No caminho de volta, demorava-se sempre um pouco para observar as fêmeas absortas nas lides domésticas. Gostava principalmente de olhar para Lucineide, uma viúva novinha que morava na trilha que levava para o vulcão. O marido havia morrido por volta dos 13 anos de idade, esmagado por um menir mal encaixado, durante um tremor de terra, deixando-a com 3 filhos para cuidar. Dizia-se que a família de Lucineide passava fome, mas ela nunca dava idéia para o velhinho que passava babando e cheirando a peixe. Desejava ardentemente os jovens caçadores que voltavam enlameados arrastando as carcaças semi putrefatas dos animais abatidos, mas também não negava atenção aos jovens artistas que pintavam cenas de caça nas paredes de cavernas abandonadas. "*Conchas melhor que desenhos.", via Orlando na sua cabeça, "*Conchas falar quando Orlando por no ouvido, desenhos bobagem que não mexer nem ter cheiro.". Realmente, as conchas alcançavam bom preço no mercado da tribo, pela raridade. Apenas Orlando sabia onde achá-las, mas não contava para ninguém. "*Conseguir muitos canivetes de osso por conchas brancas, por conchas vermelhas pedir mais. Querer ver pintadores vender rabiscos no mercado." e deixou-se levar pela imaginação, "*Todos uivar quando Orlando mostrar conchas vermelhas, Lucineide querer algumas para enfeitar queixo", via na sua cabeça, que começava já a doer um pouco com o esforço, "*Lucineide pedir conchinhas, Orlando rir sacana, dizer conchinhas valer muito, não, Orlando dizer Lucineide ter coisa que Orlando querer, não, não bom", a cabeça doía bastante e ficava difícil ver as coisas, "*Orlando dizer conchinhas presentinho, isso, conchas presentinho para Lucineide, Lucineide olhar espantada para Orlando, ai, ai, ai, por que ver coisas na cabeça doer tanto?". Orlando havia passado da encruzilhada certa, quase caiu no pântano, respirou fundo, refez-se do susto, a dor na cabeça arrefeceu um pouco, viu então a imagem clara na mente "*Orlando dizer Lucineide abrir pernas depois ganhar conchas". Precisou ficar meia hora sentado na sombra de um carvalho sagrado antes de conseguir levantar-se de novo, devido ao enorme esforço despendido na invenção.

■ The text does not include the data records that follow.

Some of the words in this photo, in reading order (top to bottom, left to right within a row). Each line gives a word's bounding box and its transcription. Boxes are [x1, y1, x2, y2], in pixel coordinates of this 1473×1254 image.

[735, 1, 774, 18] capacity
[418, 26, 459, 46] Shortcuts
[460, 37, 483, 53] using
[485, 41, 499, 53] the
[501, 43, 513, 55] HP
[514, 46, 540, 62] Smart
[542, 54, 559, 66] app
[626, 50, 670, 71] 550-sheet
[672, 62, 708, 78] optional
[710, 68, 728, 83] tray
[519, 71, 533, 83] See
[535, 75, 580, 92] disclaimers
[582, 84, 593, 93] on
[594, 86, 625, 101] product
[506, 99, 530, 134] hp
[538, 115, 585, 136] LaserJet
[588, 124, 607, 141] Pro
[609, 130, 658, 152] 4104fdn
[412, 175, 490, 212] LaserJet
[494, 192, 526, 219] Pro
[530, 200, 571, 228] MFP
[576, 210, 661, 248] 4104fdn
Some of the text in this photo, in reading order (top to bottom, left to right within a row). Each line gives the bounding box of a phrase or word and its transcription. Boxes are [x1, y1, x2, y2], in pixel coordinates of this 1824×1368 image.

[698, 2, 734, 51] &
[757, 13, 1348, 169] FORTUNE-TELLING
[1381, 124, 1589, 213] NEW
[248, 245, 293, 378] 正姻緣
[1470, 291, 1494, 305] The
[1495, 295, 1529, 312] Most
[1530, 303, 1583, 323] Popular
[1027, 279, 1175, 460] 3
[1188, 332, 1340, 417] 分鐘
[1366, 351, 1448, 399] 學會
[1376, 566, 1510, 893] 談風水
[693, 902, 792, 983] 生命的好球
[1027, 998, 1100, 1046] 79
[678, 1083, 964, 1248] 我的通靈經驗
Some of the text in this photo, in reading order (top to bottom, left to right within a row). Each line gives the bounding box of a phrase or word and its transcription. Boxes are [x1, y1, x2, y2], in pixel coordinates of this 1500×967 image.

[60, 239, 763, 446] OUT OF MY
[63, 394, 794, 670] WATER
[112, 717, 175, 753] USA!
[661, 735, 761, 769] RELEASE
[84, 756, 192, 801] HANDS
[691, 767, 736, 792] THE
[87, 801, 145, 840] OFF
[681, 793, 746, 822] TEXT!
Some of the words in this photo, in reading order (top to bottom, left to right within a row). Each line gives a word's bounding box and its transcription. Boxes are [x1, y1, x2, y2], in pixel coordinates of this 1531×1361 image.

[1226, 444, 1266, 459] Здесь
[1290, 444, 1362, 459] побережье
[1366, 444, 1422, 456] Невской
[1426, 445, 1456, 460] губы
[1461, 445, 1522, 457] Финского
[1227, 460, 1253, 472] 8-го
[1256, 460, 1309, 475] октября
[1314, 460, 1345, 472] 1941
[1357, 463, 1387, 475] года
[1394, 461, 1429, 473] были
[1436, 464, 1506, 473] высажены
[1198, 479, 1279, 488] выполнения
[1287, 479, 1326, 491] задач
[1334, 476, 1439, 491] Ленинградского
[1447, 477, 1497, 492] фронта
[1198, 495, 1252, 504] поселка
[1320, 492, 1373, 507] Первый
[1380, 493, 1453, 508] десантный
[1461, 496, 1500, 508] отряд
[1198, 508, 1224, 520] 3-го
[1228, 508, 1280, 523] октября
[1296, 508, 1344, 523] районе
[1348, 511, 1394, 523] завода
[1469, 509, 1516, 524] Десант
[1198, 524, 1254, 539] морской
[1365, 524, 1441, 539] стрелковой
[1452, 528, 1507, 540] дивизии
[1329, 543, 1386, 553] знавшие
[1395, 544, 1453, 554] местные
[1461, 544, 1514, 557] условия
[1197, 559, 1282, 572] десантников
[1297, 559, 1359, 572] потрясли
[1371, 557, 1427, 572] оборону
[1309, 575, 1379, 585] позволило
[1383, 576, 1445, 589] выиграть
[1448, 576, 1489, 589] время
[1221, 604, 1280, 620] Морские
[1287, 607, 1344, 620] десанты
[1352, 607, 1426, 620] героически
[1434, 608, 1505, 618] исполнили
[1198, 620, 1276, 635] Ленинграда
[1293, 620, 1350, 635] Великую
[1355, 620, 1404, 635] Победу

O coração latia quando gritou na porta da caverna de Lucineide: "*Toc toc toc!", "*Quem ser?", "*Ser Orlando.", "*Orlando? Que Orlando?", "*Orlando Soluções em Conchas Ltda.", "*Orlando ir embora. Aqui não ter conchas.", "*Orlando saber. Por isso trazer conchas especiais para Lucineide.", "*Lucineide não comer conchas.", "*Orlando saber. Conchas enfeitar Lucineide. Conchas muito valor.", "*Formadores de opinião da tribo não enfeitar com conchas. Lucineide não querer isso.", "*Lua passada Orlando vender 10 conchas brancas vizinha de Lucineide. Estas vermelhas, mais bonitas. Ninguém ter. Artistas gostar. Caçadores amar. Curtidoras de couro invejar."
Os filhos de Lucineide chegaram mais tarde da caçada. O mamute era jovem e lutara bravamente. Se houvessem voltado mais cedo, teriam ouvido o barulho de dois corpos buscando o prazer sobre a áspera pele de mosassauro que forrava a seção mais interior da caverna. Mas não deixaram de notar as delicadas conchas ciosamente encerradas dentro de um crânio de humanóide da tribo inimiga, onde costumavam beber sangue de virgens no solstício de inverno. A mãe esperava-os com um sorriso enigmático que desconheciam.